Crocuses

My Uncle Chuck calls to tell us about the crocuses on the front page of the Anderson Bulletin. Dad's put the call on speaker phone, so we all hear my uncle, in the way his accent, a trace of Rhode Island from his childhood that fits into the crevices of 60 years living in Anderson, Indiana fills the room here in Siena. It's out of place. From here, there is a view of the church of San Domenico with its castle-like towers, its stained glass windows, its color—like a smudge of terra cotta pressed onto the milky white sky—and after that, if you follow the skyline, it is all tumbling towers of russet brick, arches that lead to cobbled alleyways, roads with their slabs of grey stone and the entire city that feels pieced together, mosaic after gilded mosaic. But we are here, my father and Marilyn and me, and Uncle Chuck's voice turns to laughter that mingles with my father's laughter, and we listen. Siena is gone. It is Indiana instead—a cushion of bright purple crocuses—that comes to mind. 

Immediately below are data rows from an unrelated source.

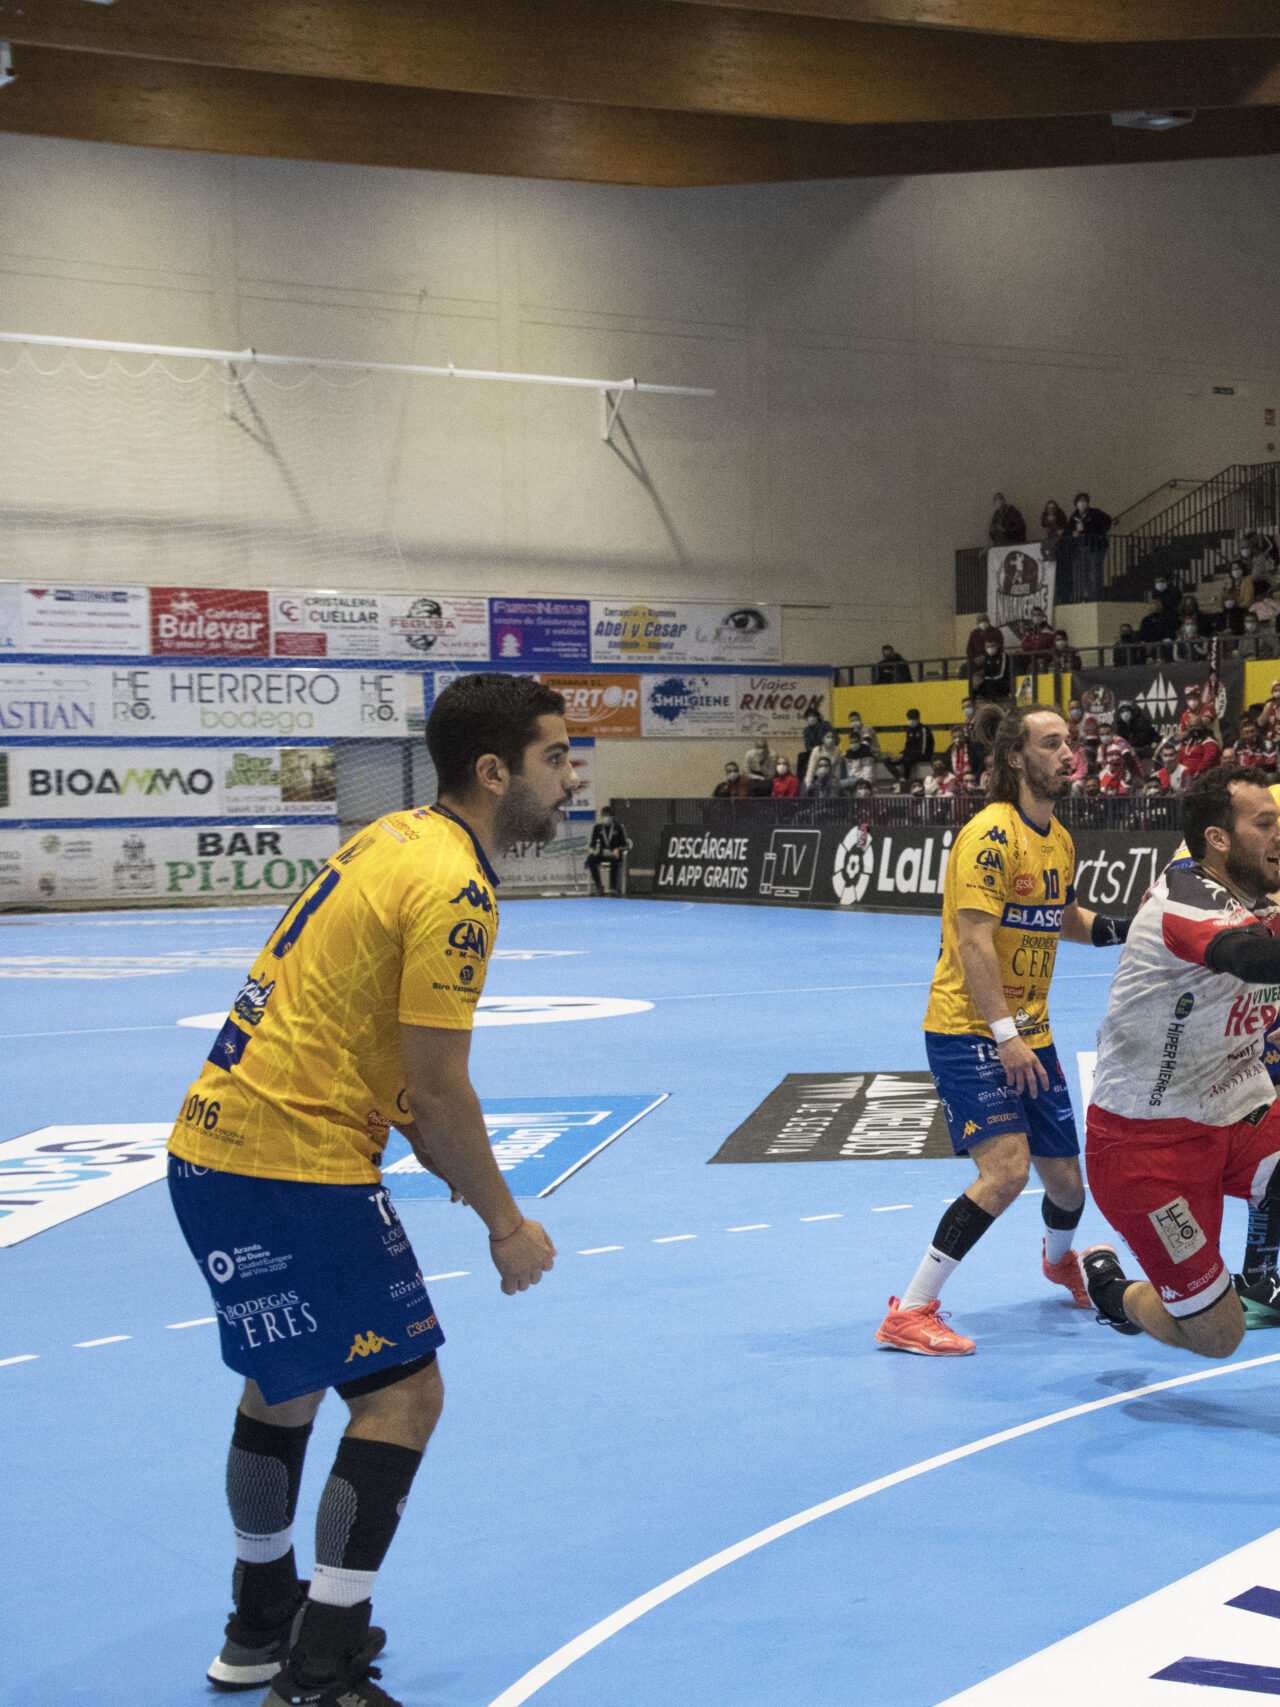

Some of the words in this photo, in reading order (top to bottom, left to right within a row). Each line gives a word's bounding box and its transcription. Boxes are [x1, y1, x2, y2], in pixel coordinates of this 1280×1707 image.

[159, 614, 264, 640] Bulevar
[594, 621, 627, 637] Abel
[631, 624, 640, 638] y
[170, 673, 339, 704] HERRERO
[751, 678, 798, 693] Viajes
[200, 706, 314, 733] bodega
[198, 832, 282, 857] BAR
[668, 832, 749, 860] DESCÁRGATE
[782, 844, 807, 876] TV
[877, 830, 952, 894] LaLi
[658, 865, 674, 886] LA
[676, 866, 702, 887] APP
[704, 867, 749, 889] GRATIS
[1014, 878, 1034, 890] gsk
[1043, 869, 1060, 900] 10
[1163, 1022, 1185, 1060] HIPER
[1149, 1059, 1177, 1107] HIERROS
[186, 1094, 221, 1131] 016
[765, 1116, 834, 1154] SEGOVIA
[839, 1098, 940, 1156] CONGELADOS
[234, 1244, 262, 1255] Aranda
[236, 1255, 247, 1263] de
[247, 1251, 271, 1261] Duero
[238, 1260, 263, 1271] Ciudad
[264, 1254, 293, 1266] Europea
[240, 1270, 252, 1279] del
[253, 1267, 268, 1275] Vino
[269, 1262, 288, 1272] 2020
[226, 1290, 300, 1319] BODEGAS

These are the conversations I like the most. We hear these conversations every year, every time my father is with his brothers, and isn't it soothing the way they laugh? Isn't it soothing the voices they use when they want to remember? Sometimes it's on the phone. Sometimes it's gathered round a table. Thanksgivings were full of them. The clink and clatter of silverware, the conversations, my mother standing in the kitchen, slicing up pies: apple, pecan, sweet potato topped with whipped cream. In that quiet moment between one dish and another, they would talk. Uncle Dick in his husky voice, Uncle Chuck in a tinny laugh, my father who sat slouched on the dining room chair, one leg slung over the other, leaning back. My brother and I paid attention, my mother's eyes sparkled. And they sat round like any normal day, reminiscing on the gooseberry bush in the back yard, on the walk to school in Rhode Island, on the time they chopped the head off of a flailing chicken in the garage. They spoke in names of families, of relatives. Uncle Romeo. Aunt Jackie. Uncle Marvin out in Martinsville. Our dining room table was populated with the names I'd heard all of my life, and the rest of the dining table was silent but for bites of pie and persimmon pudding, and the world had turned wonderful.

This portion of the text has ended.